Not only has cloud seeding been used to reduce the potency of hailstorms for years, it has also been used to try to enhance rain and snowfall for water storage in reservoirs and in the ground. Currently, more than 50 countries worldwide participate in cloud-seeding operations. Silver iodide has been used in cloud seeding because it has a similar physical structure to natural ice crystals.  It is often used in combination with dry ice, which is very cold.  The silver iodide lowers the temperature in the cloud and provides more ice crystal seeds, but doesn't freeze all of the liquid water, either.  Ice crystals grow from the liquid freezing onto them and then the ice lumps together.  The ice crystals then fall and create snow, and if they melt before reaching the ground, produce rain.

These cloud-seeding operations to increase rain and snowfall are growing in popularity. Almost half of the world’s population will be living in water-stressed areas by 2030, according to estimates from the United Nations.

Cloud-seeding isn’t just used to enhance rain and snowfall or supress hail formation, it can also be used to evaporate fog and clouds. This is particularly useful for aviation, at airports, when the fog is very cold, adding large quantities of dry ice causes the fog to dissipate because it turns all the liquid to ice, and the ice settles to the ground, leaving clear air. However, this only works with fog that is very cold, but not frozen.

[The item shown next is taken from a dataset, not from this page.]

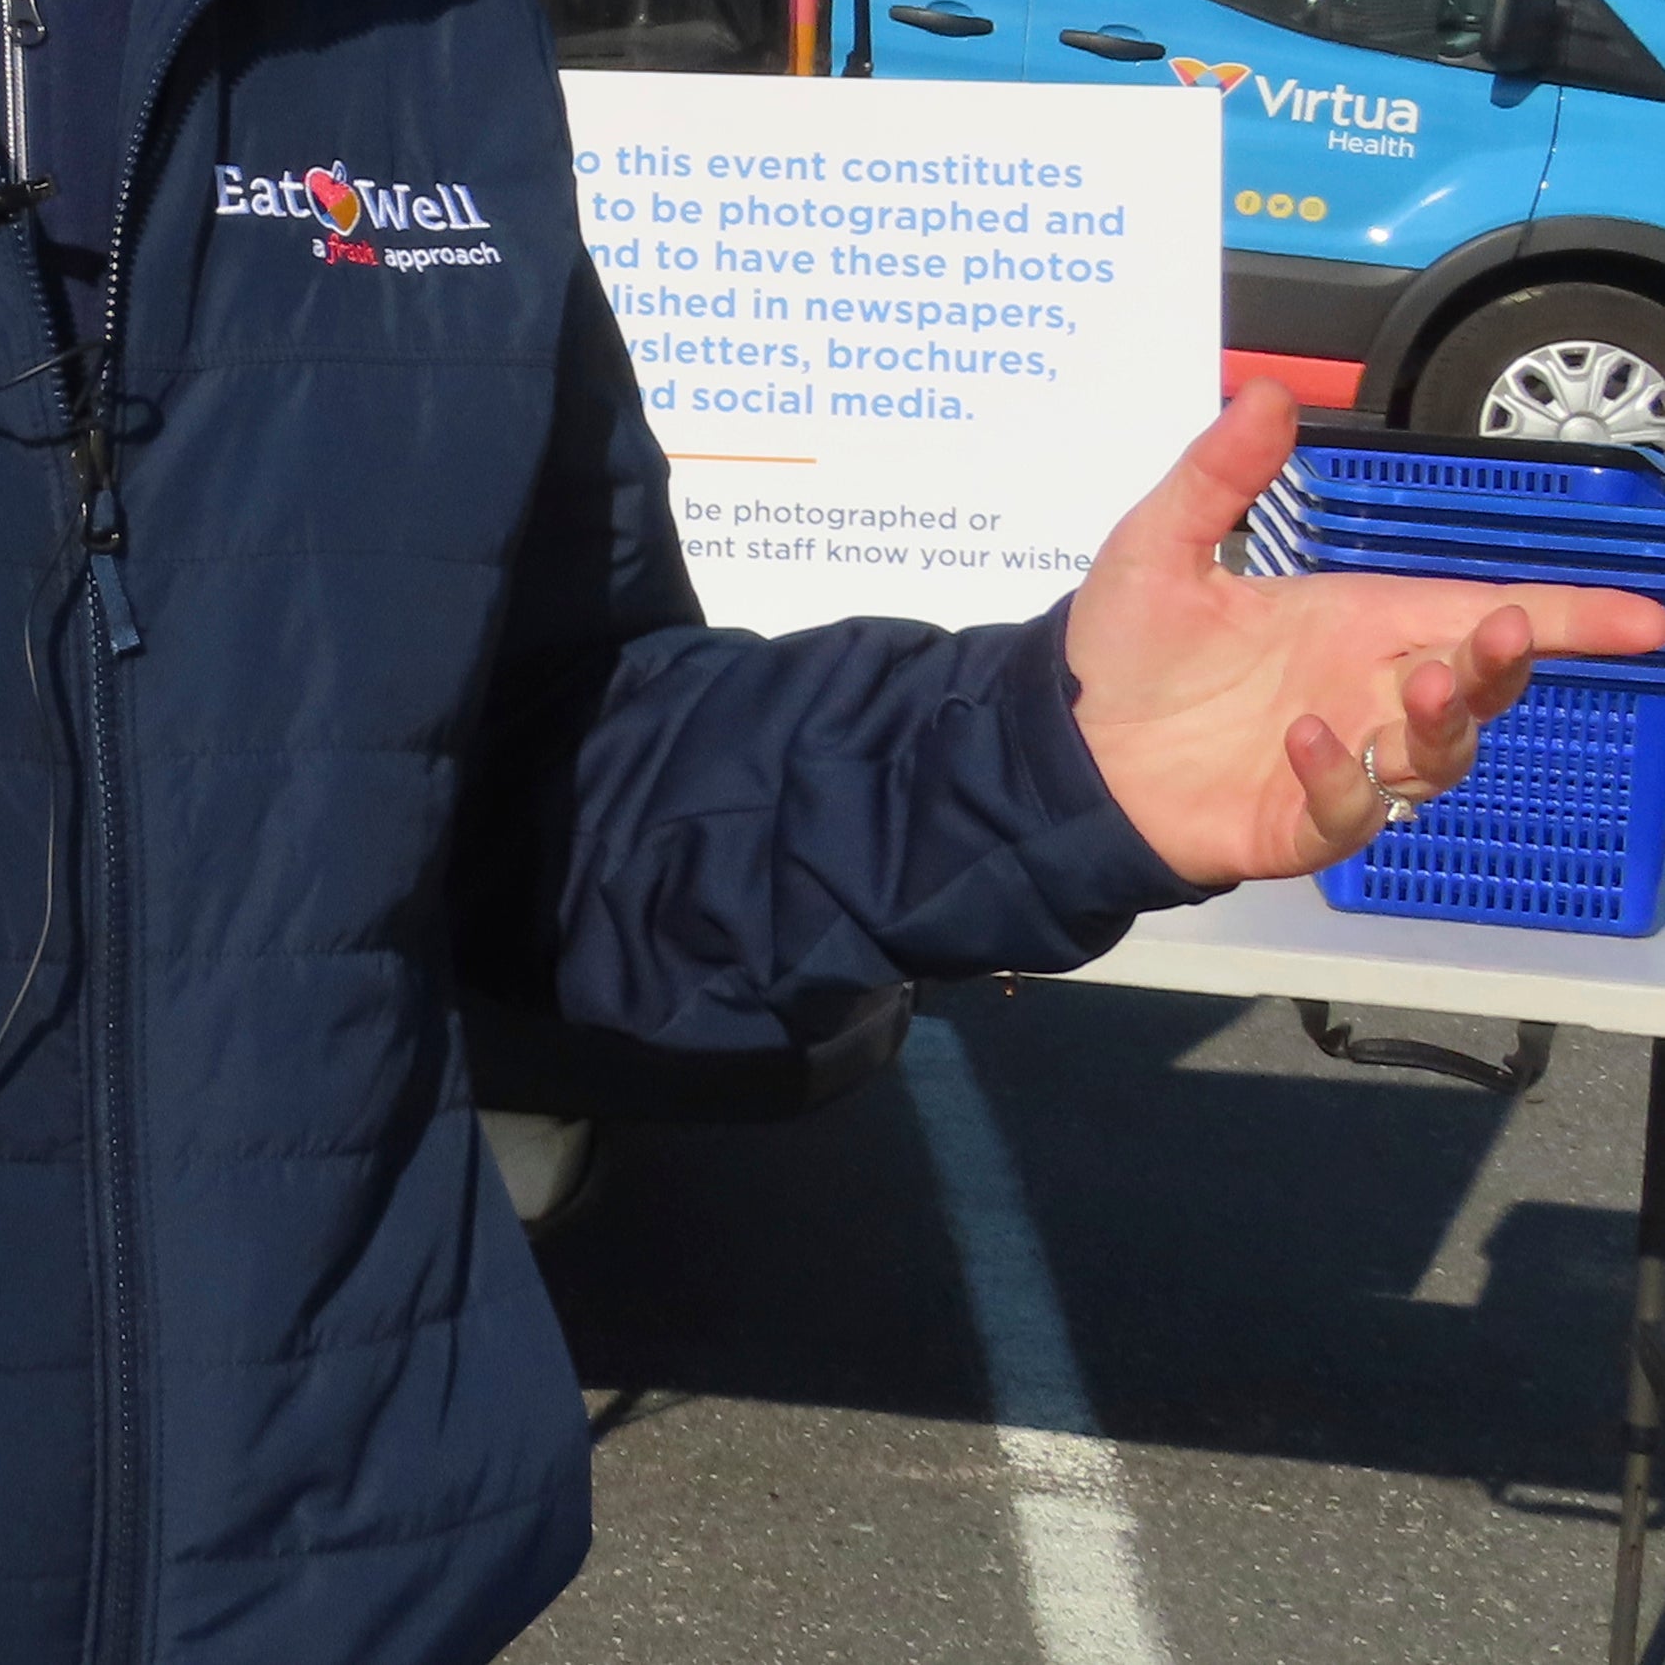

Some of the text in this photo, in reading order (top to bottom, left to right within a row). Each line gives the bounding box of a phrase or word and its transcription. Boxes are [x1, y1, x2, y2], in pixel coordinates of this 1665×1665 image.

At the 2008 Summer Olympic Games, Beijing authorities even employed cloud seeding to clear the air of pollutants and to keep it from raining over the Bird’s Nest stadium while the games were going on.

There has also been attempts to modify hurricanes using cloud seeding, though this has only been attempted a couple of times back in the 1960s. In these attempts, the hurricanes seeded weakened, one of them considerably, though it is not known for sure whether these hurricanes that were seeded weakened naturally or if the seeding contributed to their weakening. There has also been a recent study that looked at the concept of seeding clouds to make them last longer by increasing droplet concentration, this in turn cools the sea below the clouds – meaning there is less energy to feed the hurricanes. Also another study looked at how seeding a hurricane with saltwater could also tame it.

Controversy

With many of these methods of cloud seeding to alter precipitation and cloud formation, there is a lot of controversy, because cloud seeding interferes with the atmosphere’s natural cycles. If cloud seeding is done on a large scale, it may lead to increased evaporation from outside the area seeded, because the seeded area in theory is taking away moisture. Though other studies suggest that cloud seeding is unlikely to steal moisture from sites downwind.

Also, there is the issue of the toxicity of the silver iodide. Although silver is toxic to aquatic organisms in large doses, the levels found in surface water after seeding are well below the toxic threshold of 50,000 ppt. However, cloud-seeding using silver iodide on a largescale may increase silver toxicity and other environmental issues – which may become a concern.